Despite losing some of their produce, Westerner Park is well on the way to their second phase — which is the festival.
“The second part of it is the Urban Farm Festival,” Sturgeon said. “That will be a space where we have workshops and demonstrations. We have one on urban hens, we have one on urban bees, canning, growing, and different topics like that.
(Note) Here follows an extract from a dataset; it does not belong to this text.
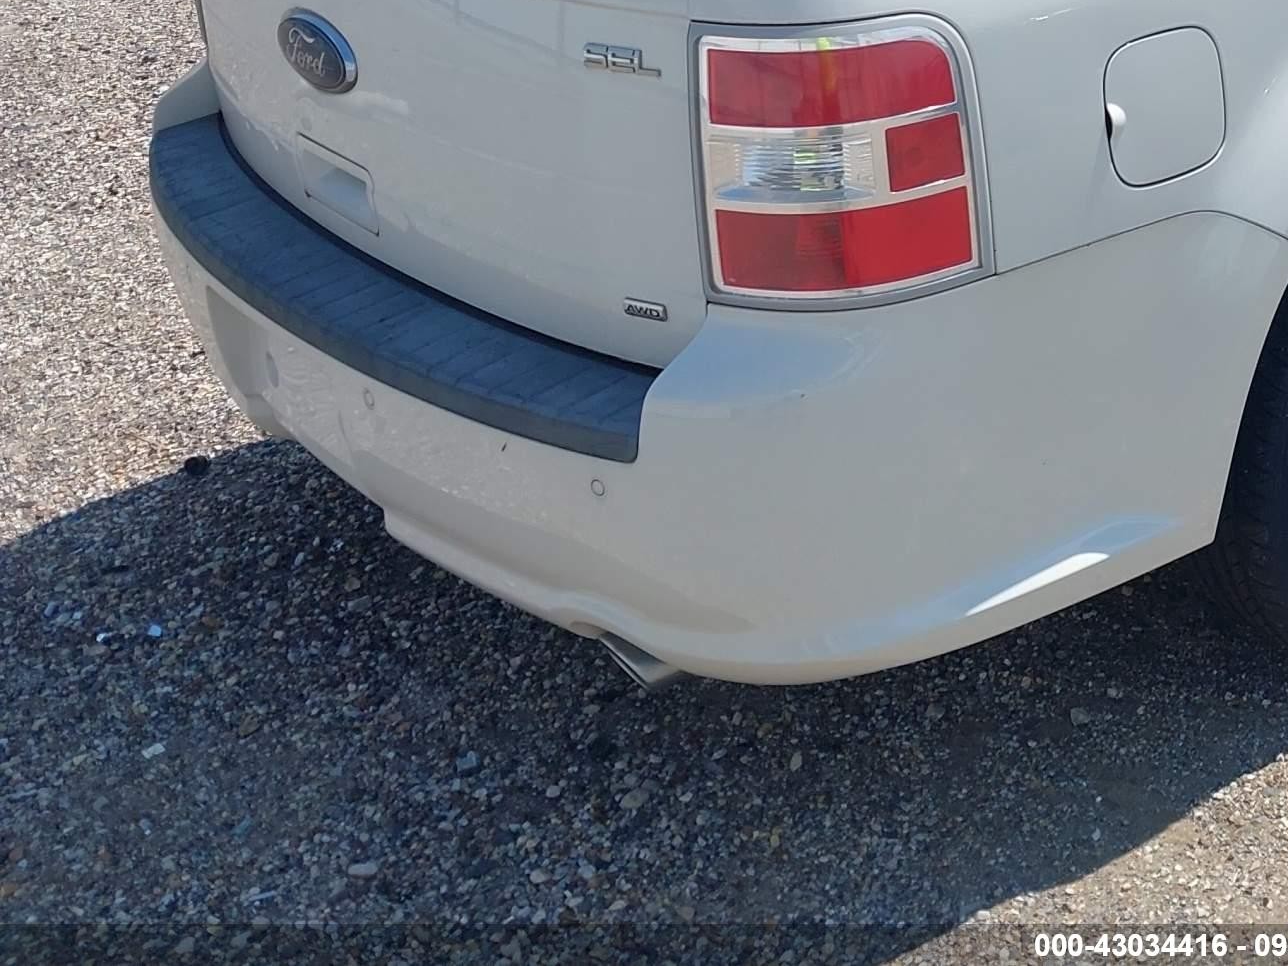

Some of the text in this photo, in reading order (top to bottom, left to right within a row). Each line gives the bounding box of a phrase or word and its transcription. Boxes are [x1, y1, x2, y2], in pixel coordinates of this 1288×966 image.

We will have some vendors and fun activities for kids — petting zoos.”
Sturgeon added the event is also a way for people to further grasp where and how their food is produced.
“It is a place for people to learn what they can get locally and see how things are produced,” she said. “They can grow and produce on their own and learn about preserving.”
The third aspect of Westerner Park’s urban farming plan takes place immediately after the conclusion of the festival.
“The third part of the project is our Long Table Dinner,” she said. “The Urban Farm Festival goes August 20th from 10 a.m. to 4 p.m. and from 5:30 p.m. till 9 p.m. we have the dinner called The Taste of Home. We have partnered with the Holiday Inn chef — Chef Emmanuel. He is going to create an amazing menu all out of locally produced products. It should be pretty fantastic.”
Sturgeon said the plan stems from the need to connect agricultural communities — both rural and urban.
“Being that Westerner Park is the third largest Ag Society in Alberta, I was trying to figure out how do you bring agriculture to our urban community?” she said. “What brings both rural and urban together is food. We all need it, want it and are interested in it.”
She added people are becoming much more concerned with how their food is produced.
“I think it has a lot to do with health,” she said. “We are really looking at how food is produced and what is going into it. When you start to learn more about it, then you start to think more about what we can do ourselves to produce something that is healthier for our families.
“I think it is fantastic that people are learning about where their food is coming from, how it is produced and how to preserve and take care of it. I would hate for society to lose that knowledge.”
She added, “All of the events are free, we are just asking that people register for the events on Tickets Alberta. We could definitely use volunteers and going forward I would like to double the size of the event.”